The authors aimed to explore the effect of motivational interviewing on footwear adherence and to assess the feasibility of applying motivational interviewing in persons with diabetes who are at high risk for foot ulceration, and who have low adherence to wearing prescribed custom-made footwear.
This study was designed as an explorative trial in which participants were randomly allocated to one of two study arms in a balanced manner.
First, a 7-day baseline measurement of footwear adherence was conducted in each patient.
Those who wore their prescribed footwear for less than 80% of the steps taken either inside or outside their homes were classified as having low adherence.
These patients were randomly assigned to either standard education (control group) or standard education plus two sessions of motivational interviewing (intervention group).
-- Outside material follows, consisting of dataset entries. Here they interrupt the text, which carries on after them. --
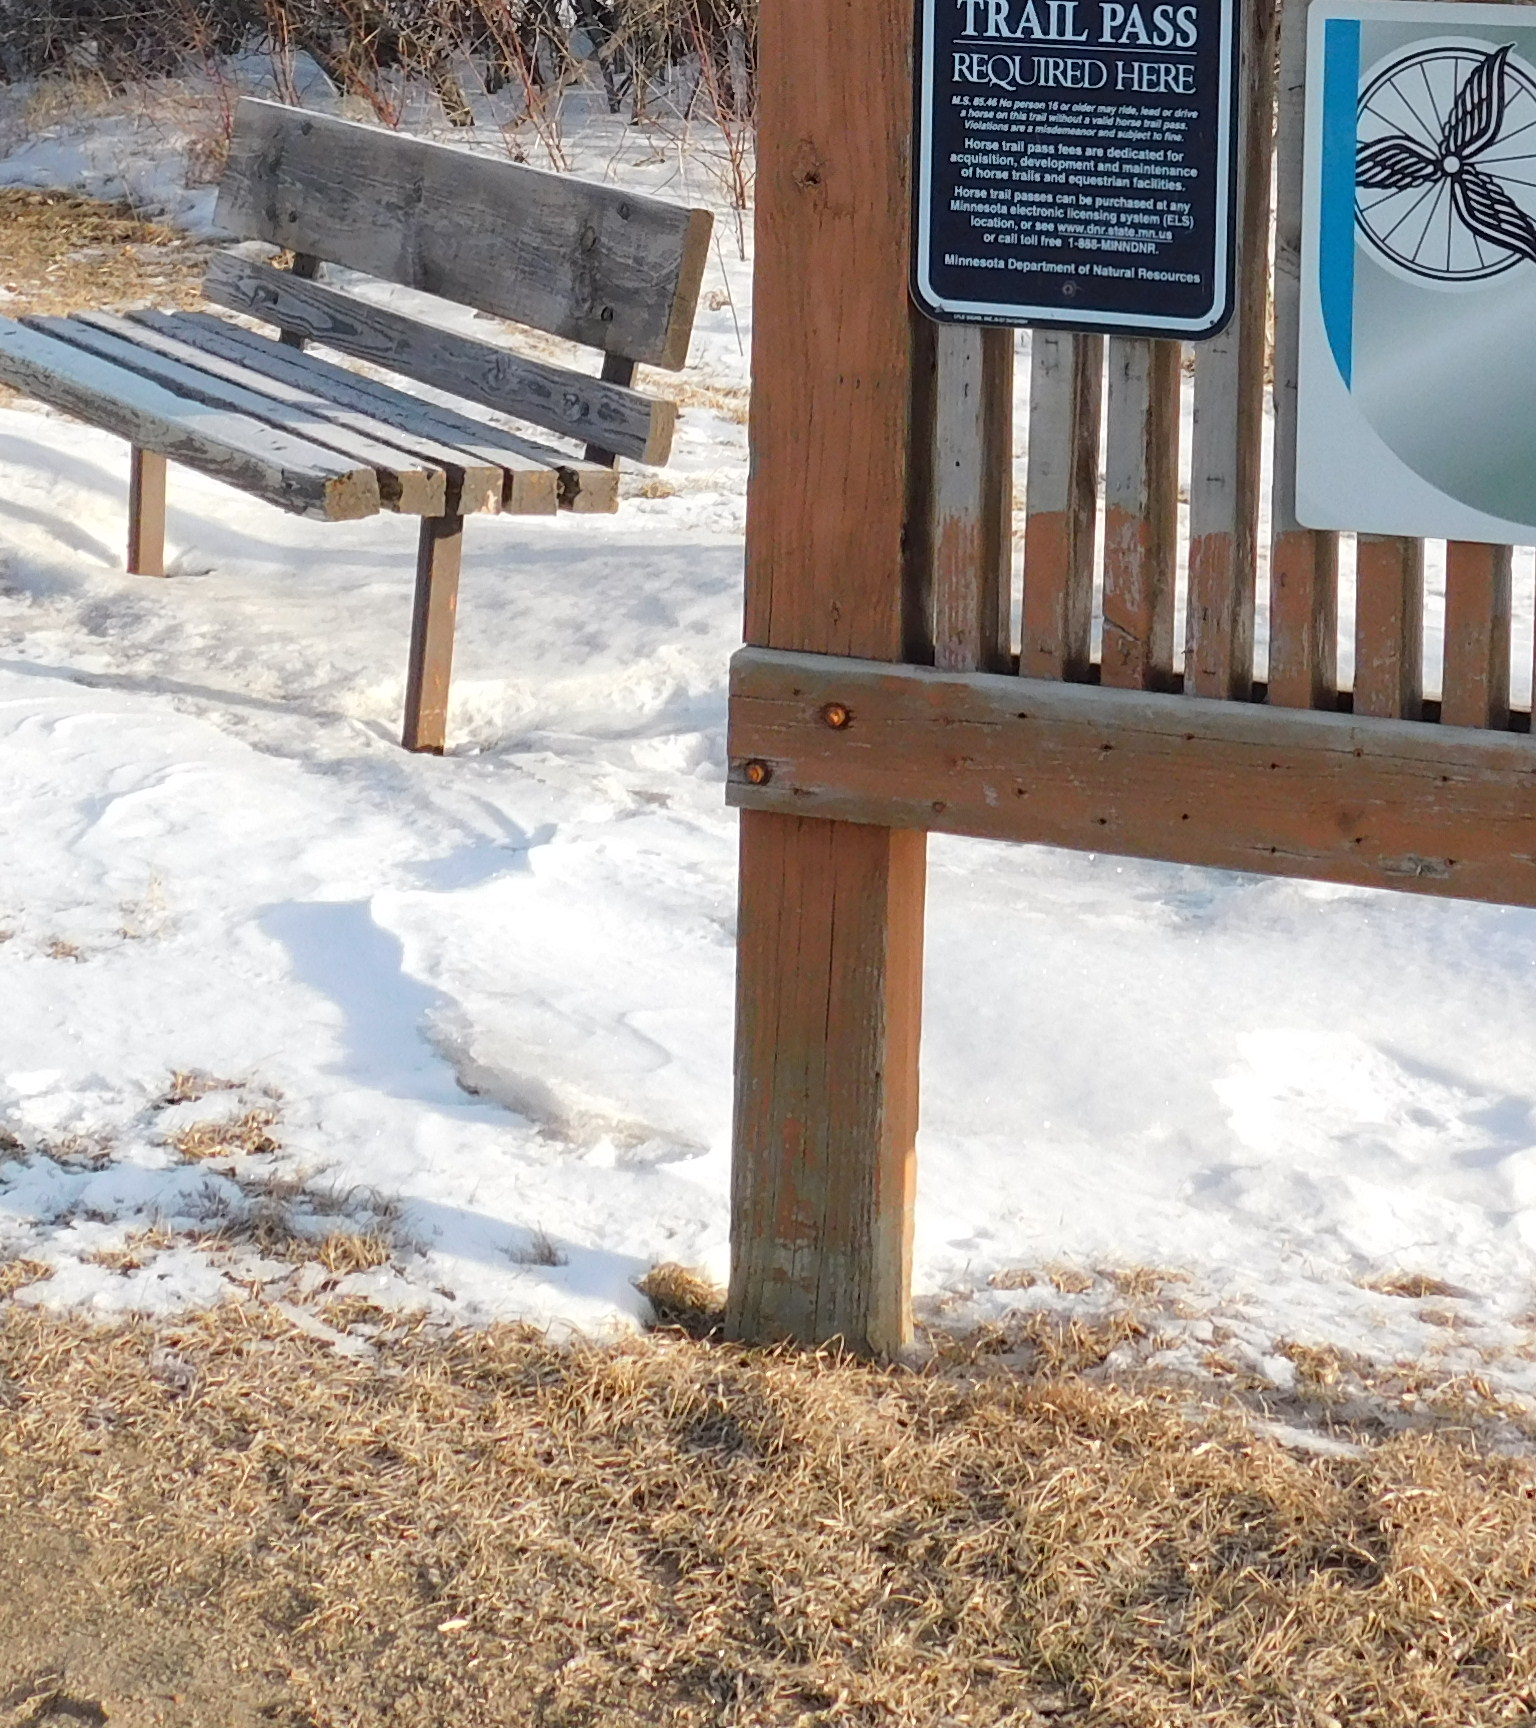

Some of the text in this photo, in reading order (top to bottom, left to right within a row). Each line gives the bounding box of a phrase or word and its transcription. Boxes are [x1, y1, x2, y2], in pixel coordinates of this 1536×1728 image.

[1099, 3, 1197, 47] PASS
[953, 53, 1195, 93] REQUIRED HERE
[965, 138, 1184, 161] Horse trail pass fees are dedicated for
[950, 153, 1197, 177] acquisition, development and maintenance
[961, 167, 1185, 191] of horse trails and equestrian facilities.
[954, 186, 1190, 214] Horse trail passes can be purchased at any
[950, 200, 1193, 229] Minnesota electronic licensing system (ELS)
[945, 254, 1200, 283] Minnesota Department of Natural Resources
Each patient in the study received standard education, which consisted of written and verbal information given by the rehabilitation medicine specialist at footwear delivery on the proper use of footwear and the importance of wearing this footwear to prevent complications.
Motivational interviewing was given in addition to standard education in the intervention group and consisted of two 45-min sessions, 1 week apart.
It focused mainly on enhancing the patient’s knowledge and motivation for change.
Footwear adherence was assessed at baseline and 1 week and 3 months after the intervention.
Daily step activity was measured simultaneously and synchronously with footwear use using a step activity monitor strapped around the ankle.
Nonsignificant but clinically meaningful short-term positive effects of motivational interviewing on adherence to wearing prescribed custom-made footwear at home, where walking activity is higher than away from home, were found in the intervention group.